Work to be completed:
Word for word, transcribe the lines from the one containing "this 1922×1281 image." through the end of the entries, both included, and nothing else.

******************************

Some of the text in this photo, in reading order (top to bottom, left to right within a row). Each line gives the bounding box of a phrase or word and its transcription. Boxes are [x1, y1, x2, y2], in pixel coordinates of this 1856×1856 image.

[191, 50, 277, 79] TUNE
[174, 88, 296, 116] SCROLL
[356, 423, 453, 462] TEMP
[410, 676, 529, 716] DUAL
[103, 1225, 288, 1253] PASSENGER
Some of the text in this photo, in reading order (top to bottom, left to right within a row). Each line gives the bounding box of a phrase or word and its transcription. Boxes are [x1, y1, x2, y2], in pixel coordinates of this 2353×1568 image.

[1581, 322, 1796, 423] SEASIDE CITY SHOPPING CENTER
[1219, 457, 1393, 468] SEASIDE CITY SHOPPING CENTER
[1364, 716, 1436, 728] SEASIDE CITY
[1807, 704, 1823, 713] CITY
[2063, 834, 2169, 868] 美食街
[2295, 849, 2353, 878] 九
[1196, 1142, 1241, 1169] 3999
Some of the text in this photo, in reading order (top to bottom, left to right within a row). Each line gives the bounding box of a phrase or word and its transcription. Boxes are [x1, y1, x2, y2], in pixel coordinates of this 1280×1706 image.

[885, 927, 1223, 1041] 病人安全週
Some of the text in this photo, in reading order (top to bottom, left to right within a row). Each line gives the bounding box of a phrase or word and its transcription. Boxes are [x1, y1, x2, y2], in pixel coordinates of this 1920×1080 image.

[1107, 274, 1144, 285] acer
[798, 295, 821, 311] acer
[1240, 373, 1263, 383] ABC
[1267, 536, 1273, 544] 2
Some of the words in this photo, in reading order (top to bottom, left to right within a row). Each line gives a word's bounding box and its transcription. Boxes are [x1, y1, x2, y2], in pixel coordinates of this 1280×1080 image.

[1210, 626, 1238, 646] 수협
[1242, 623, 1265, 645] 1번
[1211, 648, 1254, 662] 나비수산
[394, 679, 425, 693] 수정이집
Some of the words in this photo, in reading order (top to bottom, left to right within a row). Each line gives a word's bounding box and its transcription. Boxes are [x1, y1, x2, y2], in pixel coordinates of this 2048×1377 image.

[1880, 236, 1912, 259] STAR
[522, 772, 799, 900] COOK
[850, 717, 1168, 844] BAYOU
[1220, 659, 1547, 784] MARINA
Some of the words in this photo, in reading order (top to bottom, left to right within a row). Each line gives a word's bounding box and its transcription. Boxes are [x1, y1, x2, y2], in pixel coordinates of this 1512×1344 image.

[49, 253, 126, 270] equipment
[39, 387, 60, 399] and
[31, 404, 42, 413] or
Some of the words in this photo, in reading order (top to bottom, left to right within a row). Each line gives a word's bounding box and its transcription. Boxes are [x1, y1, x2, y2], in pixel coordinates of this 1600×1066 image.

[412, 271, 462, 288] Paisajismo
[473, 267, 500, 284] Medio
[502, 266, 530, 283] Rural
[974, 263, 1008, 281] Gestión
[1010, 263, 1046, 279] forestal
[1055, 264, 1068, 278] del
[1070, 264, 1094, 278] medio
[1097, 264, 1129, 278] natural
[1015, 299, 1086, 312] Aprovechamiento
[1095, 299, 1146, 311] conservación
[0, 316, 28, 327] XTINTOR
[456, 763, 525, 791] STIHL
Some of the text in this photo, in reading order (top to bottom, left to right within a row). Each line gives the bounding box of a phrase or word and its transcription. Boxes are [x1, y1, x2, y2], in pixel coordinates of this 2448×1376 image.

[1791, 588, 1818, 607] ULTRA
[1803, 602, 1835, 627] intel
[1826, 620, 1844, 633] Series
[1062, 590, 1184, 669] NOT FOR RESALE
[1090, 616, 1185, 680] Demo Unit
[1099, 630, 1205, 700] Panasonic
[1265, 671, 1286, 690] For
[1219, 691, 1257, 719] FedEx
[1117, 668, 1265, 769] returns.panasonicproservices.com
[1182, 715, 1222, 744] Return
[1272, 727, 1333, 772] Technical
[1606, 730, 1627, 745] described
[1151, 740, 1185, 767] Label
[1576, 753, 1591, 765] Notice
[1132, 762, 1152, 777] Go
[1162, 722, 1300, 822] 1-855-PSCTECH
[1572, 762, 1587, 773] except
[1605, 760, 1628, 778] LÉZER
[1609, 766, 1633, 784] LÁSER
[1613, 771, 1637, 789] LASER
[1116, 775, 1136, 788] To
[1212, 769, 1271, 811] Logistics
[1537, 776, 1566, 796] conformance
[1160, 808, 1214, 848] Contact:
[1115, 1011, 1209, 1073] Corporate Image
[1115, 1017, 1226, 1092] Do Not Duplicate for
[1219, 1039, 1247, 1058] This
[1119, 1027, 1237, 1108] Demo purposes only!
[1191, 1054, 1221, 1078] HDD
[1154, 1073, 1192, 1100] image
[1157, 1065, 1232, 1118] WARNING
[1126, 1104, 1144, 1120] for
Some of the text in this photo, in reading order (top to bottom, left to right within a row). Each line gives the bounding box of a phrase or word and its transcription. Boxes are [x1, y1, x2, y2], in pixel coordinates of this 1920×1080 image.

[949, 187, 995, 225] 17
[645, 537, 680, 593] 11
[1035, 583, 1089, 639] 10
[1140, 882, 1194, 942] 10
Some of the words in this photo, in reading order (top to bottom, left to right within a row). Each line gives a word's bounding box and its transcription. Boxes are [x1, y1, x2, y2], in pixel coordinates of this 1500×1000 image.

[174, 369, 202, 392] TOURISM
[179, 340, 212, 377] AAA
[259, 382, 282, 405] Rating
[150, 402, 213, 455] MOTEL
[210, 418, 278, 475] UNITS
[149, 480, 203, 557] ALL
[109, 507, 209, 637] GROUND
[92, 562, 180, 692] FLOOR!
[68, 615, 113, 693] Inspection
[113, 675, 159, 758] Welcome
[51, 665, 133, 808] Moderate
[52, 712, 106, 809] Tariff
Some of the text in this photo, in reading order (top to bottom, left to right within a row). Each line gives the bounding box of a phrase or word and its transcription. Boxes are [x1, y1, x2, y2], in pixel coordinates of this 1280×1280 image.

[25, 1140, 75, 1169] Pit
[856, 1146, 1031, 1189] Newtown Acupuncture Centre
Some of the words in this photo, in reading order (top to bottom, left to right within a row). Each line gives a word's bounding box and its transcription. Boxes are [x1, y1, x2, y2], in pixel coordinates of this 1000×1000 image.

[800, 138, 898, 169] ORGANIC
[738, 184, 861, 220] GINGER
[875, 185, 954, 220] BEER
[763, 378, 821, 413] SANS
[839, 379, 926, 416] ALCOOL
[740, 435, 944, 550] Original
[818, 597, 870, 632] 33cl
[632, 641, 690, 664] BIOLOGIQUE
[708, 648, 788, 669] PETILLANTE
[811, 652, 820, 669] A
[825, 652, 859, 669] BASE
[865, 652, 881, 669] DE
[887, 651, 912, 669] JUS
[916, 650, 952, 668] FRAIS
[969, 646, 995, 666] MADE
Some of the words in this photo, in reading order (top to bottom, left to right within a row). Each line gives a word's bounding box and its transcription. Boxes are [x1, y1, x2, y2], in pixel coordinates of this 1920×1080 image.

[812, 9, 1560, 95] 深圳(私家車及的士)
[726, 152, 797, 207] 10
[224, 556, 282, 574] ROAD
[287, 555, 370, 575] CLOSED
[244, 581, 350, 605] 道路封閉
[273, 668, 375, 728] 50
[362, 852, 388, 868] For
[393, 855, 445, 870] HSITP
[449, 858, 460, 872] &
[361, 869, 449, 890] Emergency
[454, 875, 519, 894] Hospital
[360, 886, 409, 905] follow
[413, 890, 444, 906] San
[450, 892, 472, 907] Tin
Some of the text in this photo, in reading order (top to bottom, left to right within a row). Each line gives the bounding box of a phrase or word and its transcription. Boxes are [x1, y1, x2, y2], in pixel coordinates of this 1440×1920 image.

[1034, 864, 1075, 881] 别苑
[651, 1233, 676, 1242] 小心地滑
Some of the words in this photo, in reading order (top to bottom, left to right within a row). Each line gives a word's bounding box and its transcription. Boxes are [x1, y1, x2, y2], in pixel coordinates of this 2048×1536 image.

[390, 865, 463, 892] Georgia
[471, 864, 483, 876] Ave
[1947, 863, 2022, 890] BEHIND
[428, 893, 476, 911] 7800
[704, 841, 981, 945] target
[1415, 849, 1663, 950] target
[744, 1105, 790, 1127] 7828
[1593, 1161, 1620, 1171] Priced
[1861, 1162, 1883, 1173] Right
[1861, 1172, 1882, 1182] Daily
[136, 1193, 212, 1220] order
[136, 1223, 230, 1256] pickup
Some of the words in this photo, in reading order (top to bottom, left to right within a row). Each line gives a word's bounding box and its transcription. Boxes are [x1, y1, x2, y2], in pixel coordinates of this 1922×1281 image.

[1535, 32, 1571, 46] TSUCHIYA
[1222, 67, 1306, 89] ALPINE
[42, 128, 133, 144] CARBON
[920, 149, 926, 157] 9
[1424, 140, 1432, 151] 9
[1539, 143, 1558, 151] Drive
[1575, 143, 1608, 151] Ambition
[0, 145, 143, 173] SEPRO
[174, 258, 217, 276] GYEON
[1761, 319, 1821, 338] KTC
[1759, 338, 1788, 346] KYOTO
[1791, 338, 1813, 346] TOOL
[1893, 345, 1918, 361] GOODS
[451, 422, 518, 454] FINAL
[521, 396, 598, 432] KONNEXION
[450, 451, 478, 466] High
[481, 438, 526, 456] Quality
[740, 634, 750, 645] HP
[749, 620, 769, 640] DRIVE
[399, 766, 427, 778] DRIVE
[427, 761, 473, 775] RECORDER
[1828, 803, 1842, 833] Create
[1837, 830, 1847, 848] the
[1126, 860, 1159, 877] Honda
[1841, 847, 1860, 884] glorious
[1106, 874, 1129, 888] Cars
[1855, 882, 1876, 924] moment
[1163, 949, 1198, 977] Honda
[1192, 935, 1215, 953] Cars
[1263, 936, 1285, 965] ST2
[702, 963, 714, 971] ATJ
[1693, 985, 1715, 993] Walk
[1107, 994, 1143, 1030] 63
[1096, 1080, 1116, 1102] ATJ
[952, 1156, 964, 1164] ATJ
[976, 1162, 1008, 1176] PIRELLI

******************************

Result:
Some of the words in this photo, in reading order (top to bottom, left to right within a row). Each line gives a word's bounding box and its transcription. Boxes are [x1, y1, x2, y2], in pixel coordinates of this 1922×1281 image.

[1535, 32, 1571, 46] TSUCHIYA
[1222, 67, 1306, 89] ALPINE
[42, 128, 133, 144] CARBON
[920, 149, 926, 157] 9
[1424, 140, 1432, 151] 9
[1539, 143, 1558, 151] Drive
[1575, 143, 1608, 151] Ambition
[0, 145, 143, 173] SEPRO
[174, 258, 217, 276] GYEON
[1761, 319, 1821, 338] KTC
[1759, 338, 1788, 346] KYOTO
[1791, 338, 1813, 346] TOOL
[1893, 345, 1918, 361] GOODS
[451, 422, 518, 454] FINAL
[521, 396, 598, 432] KONNEXION
[450, 451, 478, 466] High
[481, 438, 526, 456] Quality
[740, 634, 750, 645] HP
[749, 620, 769, 640] DRIVE
[399, 766, 427, 778] DRIVE
[427, 761, 473, 775] RECORDER
[1828, 803, 1842, 833] Create
[1837, 830, 1847, 848] the
[1126, 860, 1159, 877] Honda
[1841, 847, 1860, 884] glorious
[1106, 874, 1129, 888] Cars
[1855, 882, 1876, 924] moment
[1163, 949, 1198, 977] Honda
[1192, 935, 1215, 953] Cars
[1263, 936, 1285, 965] ST2
[702, 963, 714, 971] ATJ
[1693, 985, 1715, 993] Walk
[1107, 994, 1143, 1030] 63
[1096, 1080, 1116, 1102] ATJ
[952, 1156, 964, 1164] ATJ
[976, 1162, 1008, 1176] PIRELLI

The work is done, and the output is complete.